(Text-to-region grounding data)
────
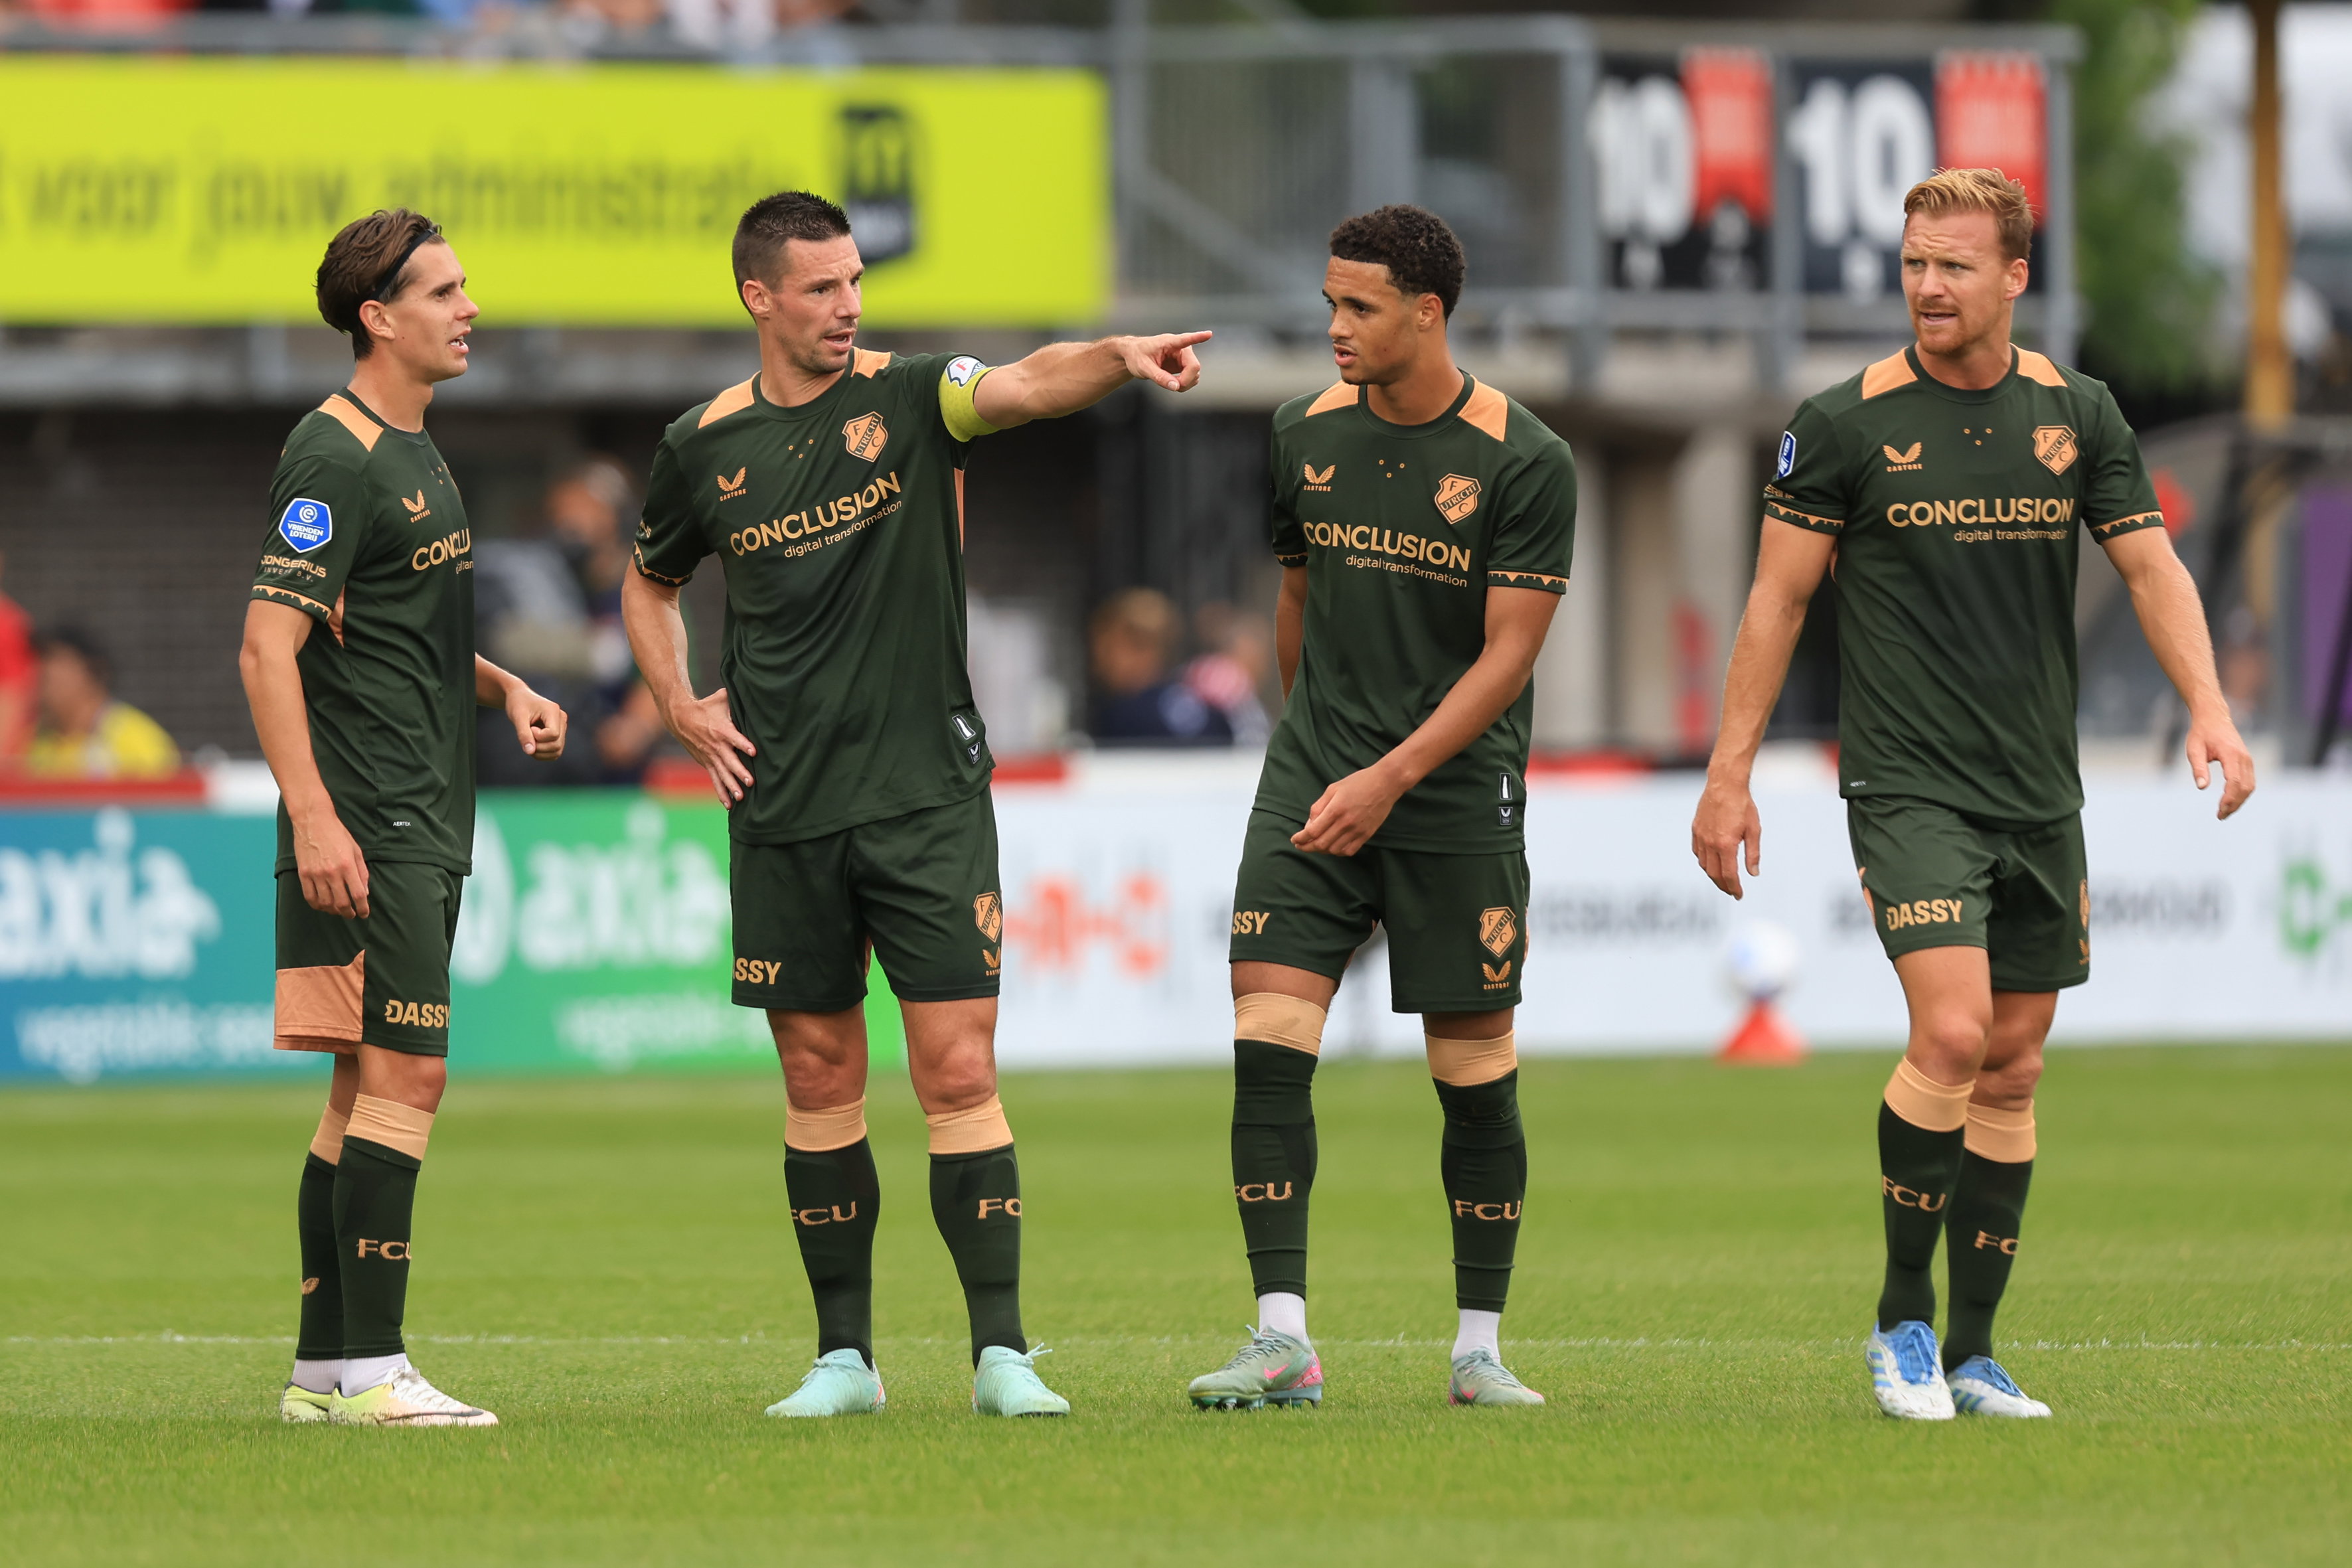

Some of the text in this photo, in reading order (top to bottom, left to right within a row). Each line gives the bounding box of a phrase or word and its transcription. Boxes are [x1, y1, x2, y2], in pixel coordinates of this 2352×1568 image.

[853, 424, 860, 436] F
[854, 416, 879, 455] UTRECHT
[872, 436, 881, 447] C
[2042, 430, 2071, 463] UTRECHT
[1886, 463, 1922, 472] CASTORE
[720, 488, 746, 502] CASTORE
[1440, 483, 1477, 510] UTRECHT
[1449, 481, 1458, 491] F
[730, 471, 902, 556] CONCLUSION
[1458, 503, 1468, 513] C
[1887, 498, 2075, 528] CONCLUSION
[287, 522, 324, 536] VRIENDEN
[784, 500, 902, 558] digital transformation
[1954, 529, 1992, 543] digital
[1303, 522, 1471, 572] CONCLUSION
[261, 555, 327, 578] JONGERIUS
[1346, 554, 1467, 588] digital transformation
[982, 898, 998, 933] UTRECHT
[1885, 898, 1962, 931] DASSY
[1486, 911, 1511, 947] UTRECHT
[733, 957, 782, 985] SSY
[384, 999, 450, 1029] DASSY
[1454, 1200, 1522, 1220] FCU
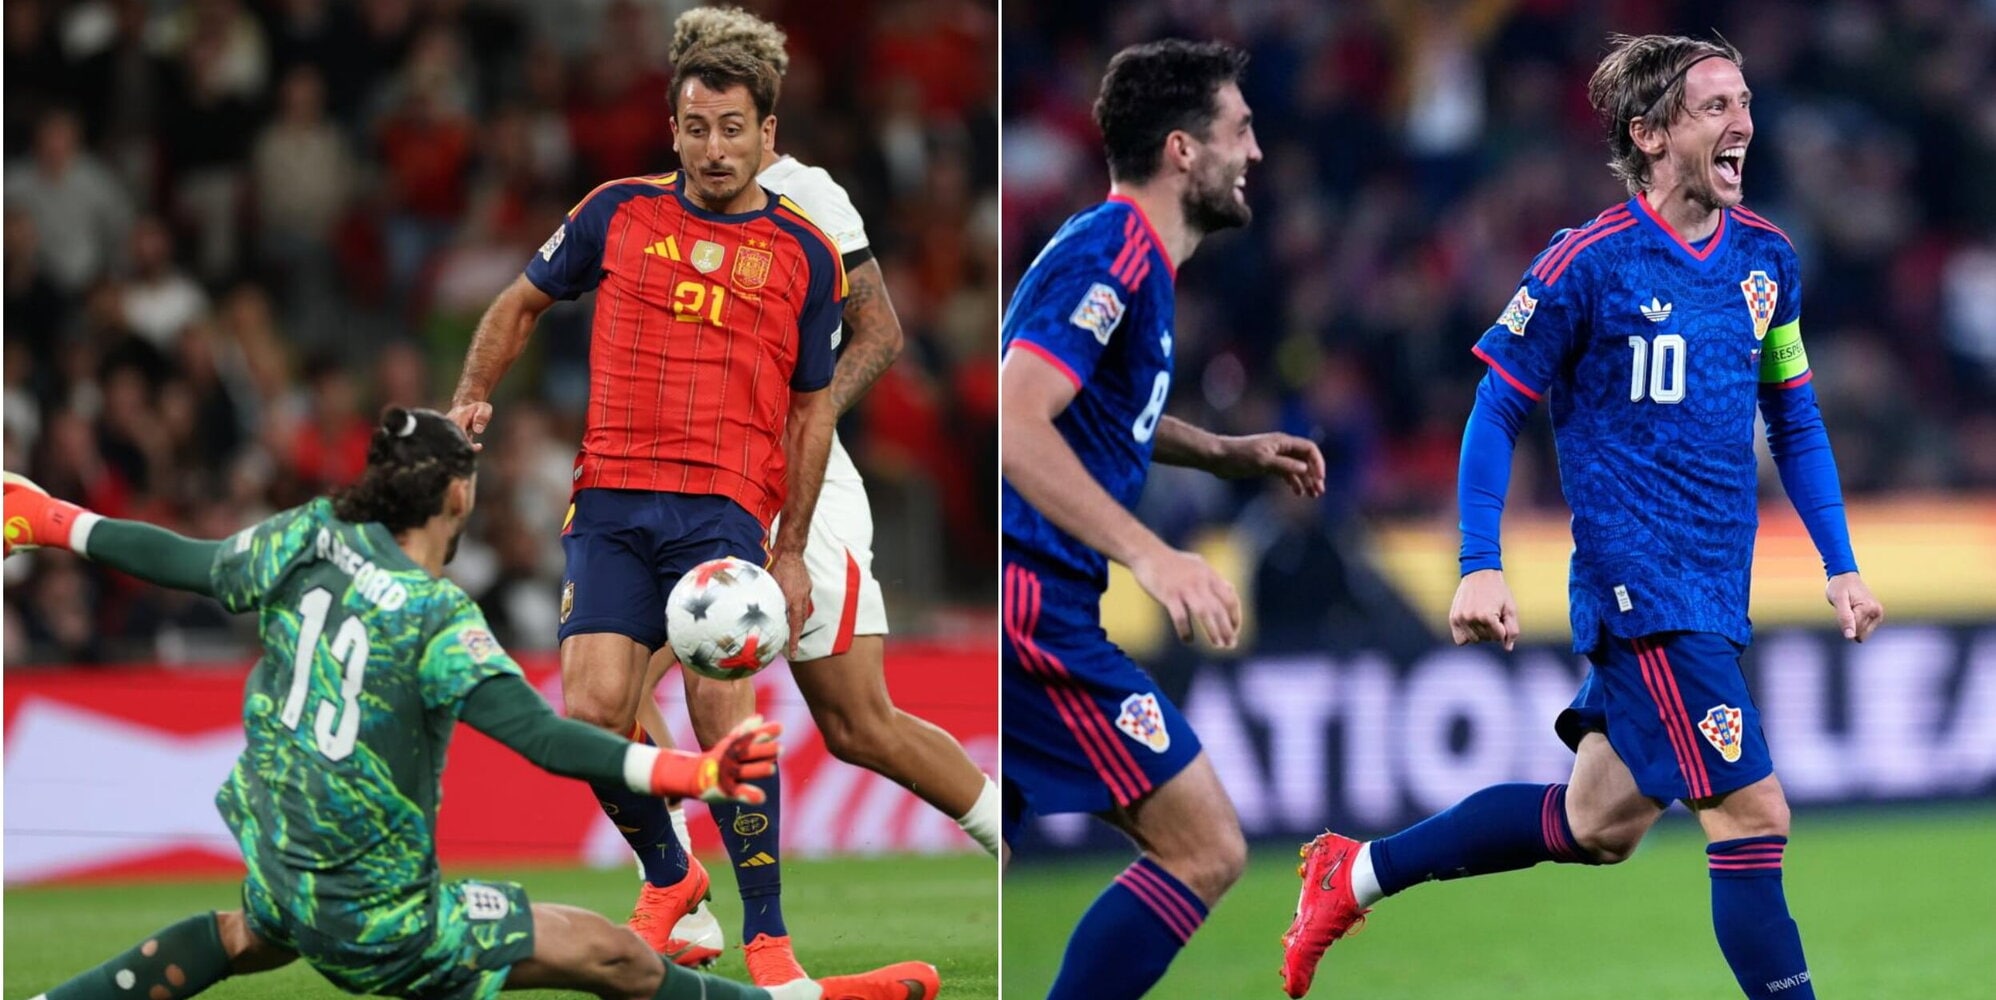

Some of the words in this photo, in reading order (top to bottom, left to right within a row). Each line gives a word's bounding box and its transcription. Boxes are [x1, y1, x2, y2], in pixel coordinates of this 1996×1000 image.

[673, 281, 725, 327] 21
[1629, 334, 1687, 404] 10
[1132, 370, 1170, 443] 8
[281, 587, 370, 762] 13
────
INSTRUCTIONS FOR THE TASK - Please set down the records exactly, and keep every image out of the copy.

FINISHED EXERCISE -
Some of the text in this photo, in reading order (top to bottom, left to right within a row). Each line gives the bounding box of a phrase or word and its transcription. Boxes are [x1, y1, x2, y2], in pixel coordinates of this 2352×1568 image.

[853, 424, 860, 436] F
[854, 416, 879, 455] UTRECHT
[872, 436, 881, 447] C
[2042, 430, 2071, 463] UTRECHT
[1886, 463, 1922, 472] CASTORE
[720, 488, 746, 502] CASTORE
[1440, 483, 1477, 510] UTRECHT
[1449, 481, 1458, 491] F
[730, 471, 902, 556] CONCLUSION
[1458, 503, 1468, 513] C
[1887, 498, 2075, 528] CONCLUSION
[287, 522, 324, 536] VRIENDEN
[784, 500, 902, 558] digital transformation
[1954, 529, 1992, 543] digital
[1303, 522, 1471, 572] CONCLUSION
[261, 555, 327, 578] JONGERIUS
[1346, 554, 1467, 588] digital transformation
[982, 898, 998, 933] UTRECHT
[1885, 898, 1962, 931] DASSY
[1486, 911, 1511, 947] UTRECHT
[733, 957, 782, 985] SSY
[384, 999, 450, 1029] DASSY
[1454, 1200, 1522, 1220] FCU

Some of the words in this photo, in reading order (top to bottom, left to right within a row). Each line gives a word's bounding box and its transcription. Boxes are [x1, y1, x2, y2], in pixel coordinates of this 1996×1000 image.

[673, 281, 725, 327] 21
[1629, 334, 1687, 404] 10
[1132, 370, 1170, 443] 8
[281, 587, 370, 762] 13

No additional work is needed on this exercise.